*** Opening Provided data ***

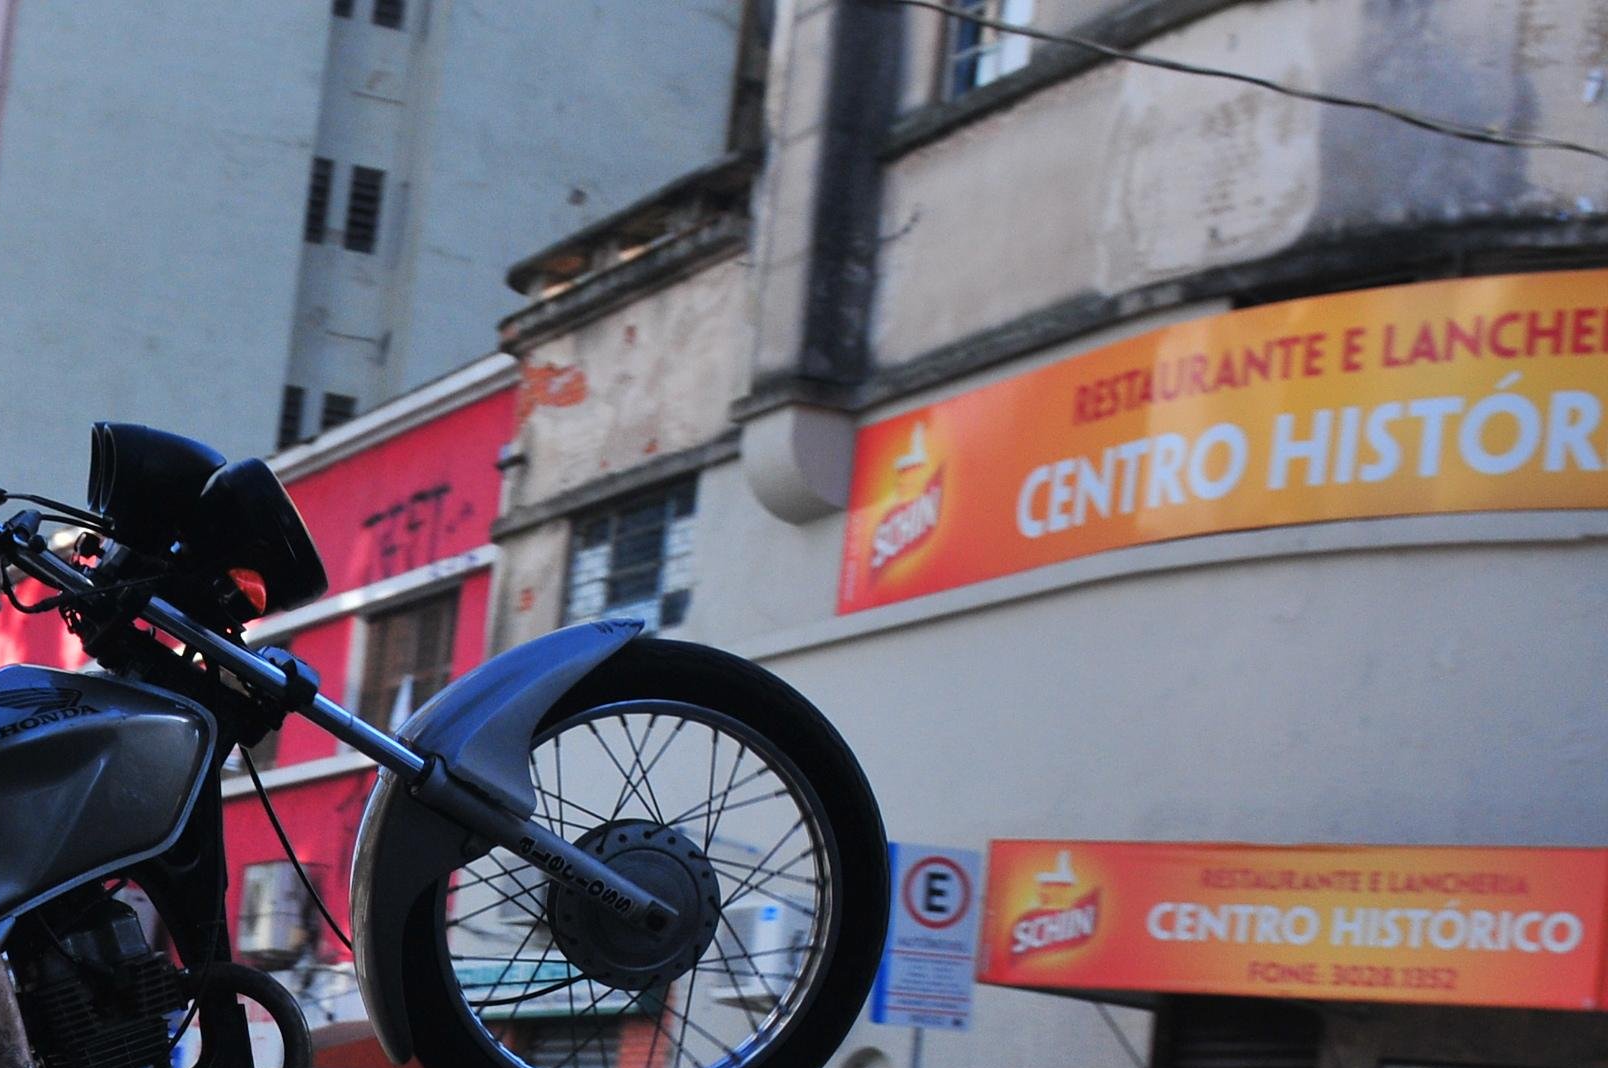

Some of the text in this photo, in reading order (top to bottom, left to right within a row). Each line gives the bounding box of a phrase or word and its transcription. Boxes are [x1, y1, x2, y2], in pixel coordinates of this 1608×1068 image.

[1072, 333, 1327, 426] RESTAURANTE
[1342, 327, 1367, 373] E
[1016, 370, 1608, 539] CENTRO HISTÓR
[871, 488, 941, 569] SCHIN
[923, 871, 952, 913] E
[1201, 868, 1362, 893] RESTAURANTE
[1369, 870, 1383, 893] E
[1012, 904, 1096, 953] SCHIN
[1147, 900, 1584, 954] CENTRO HISTÓRICO

*** Closing Provided data ***

Your task is to reproduce all of the material exactly. The pictures stay out.

Some of the text in this photo, in reading order (top to bottom, left to right within a row). Each line gives the bounding box of a phrase or word and its transcription. Boxes are [x1, y1, x2, y2], in pixel coordinates of this 1608×1068 image.

[1072, 333, 1327, 426] RESTAURANTE
[1342, 327, 1367, 373] E
[1016, 370, 1608, 539] CENTRO HISTÓR
[871, 488, 941, 569] SCHIN
[923, 871, 952, 913] E
[1201, 868, 1362, 893] RESTAURANTE
[1369, 870, 1383, 893] E
[1012, 904, 1096, 953] SCHIN
[1147, 900, 1584, 954] CENTRO HISTÓRICO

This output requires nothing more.